Many of the new laws have created a limited time window for survivors to file civil lawsuits, regardless of how long ago the incidents occurred. Such laws have been passed in a number of states nationwide, including New York, New Jersey, North Carolina, California, and a growing list of others are still considering legislation.

One of the most recent child sexual abuse statute of limitations extensions was passed in Maryland earlier this year, entirely removing any deadlines for bringing Maryland child sex abuse lawsuits.

The measure was quickly passed following the release of a Maryland Attorney General’s report on child sex abuses that have occurred in the state over decades, which involved members of the Baltimore Archdiocese and other individuals affiliated with the Catholic church.

Passage of the law was opposed by the Maryland Catholic Conference, which claimed the new law violates the Maryland constitution. Recognizing those arguments, the Maryland legislature included provisions that allow parties to pursue an immediate appeal of the constitutionality issue to the Maryland Supreme Court after the law goes into effect on October 1, 2023. However, Maryland Attorney General Brown has indicated he believes his office can defend the constitutionality of the newly signed law.

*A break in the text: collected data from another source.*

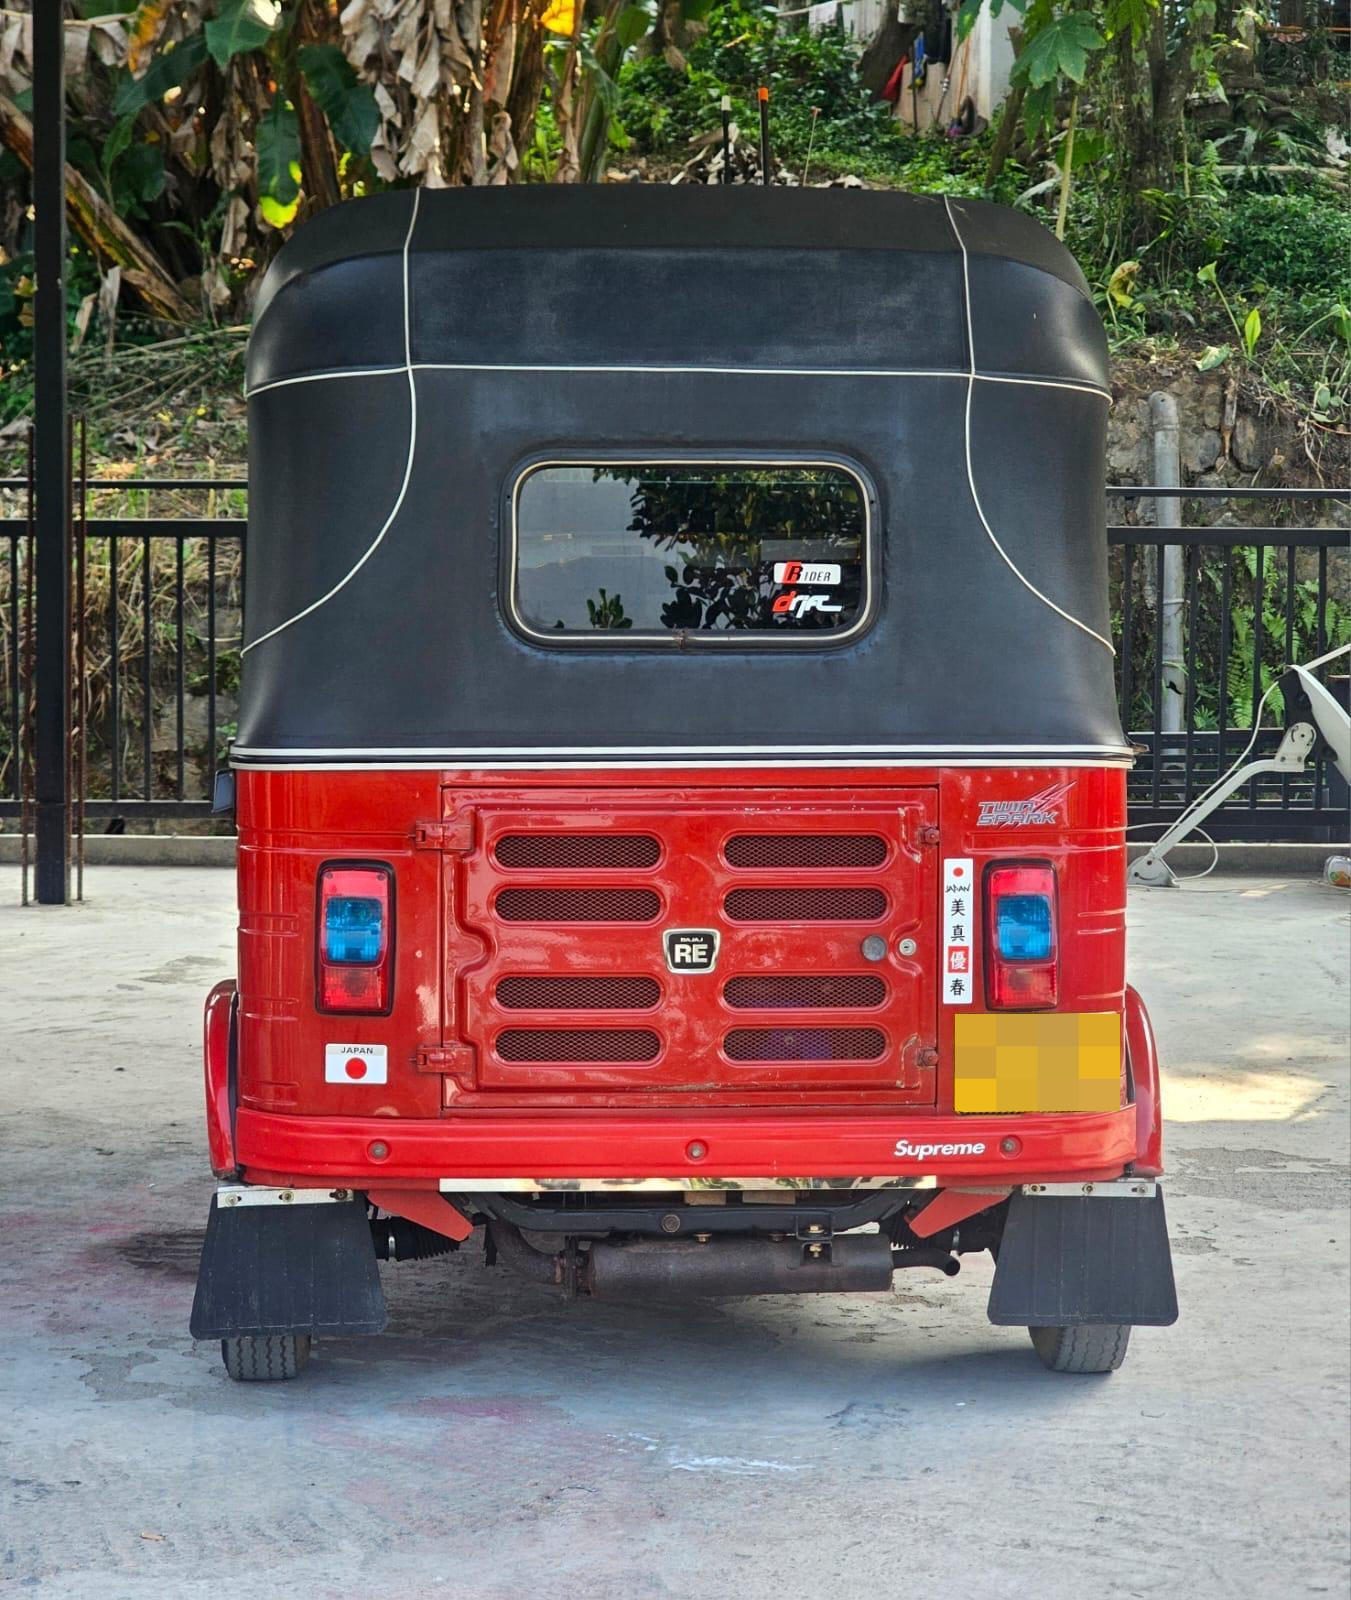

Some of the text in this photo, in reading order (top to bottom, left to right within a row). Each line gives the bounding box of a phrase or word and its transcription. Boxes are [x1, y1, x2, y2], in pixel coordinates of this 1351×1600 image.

[784, 562, 831, 583] RIDER
[978, 801, 1034, 814] TWIN
[976, 811, 1058, 826] SPARK
[674, 943, 708, 963] RE
[894, 1139, 985, 1160] Supreme

Supporters of recent legislation that allows additional time argue that removing the statute of limitations on child sex abuse claims is necessary, since many survivors are not prepared to address the conduct until much later in life. In addition, the Catholic church has been notorious for covering up credible allegations, discrediting child survivors of abuse and pressuring devoted families from pursuing any action against priests or other members of the clergy.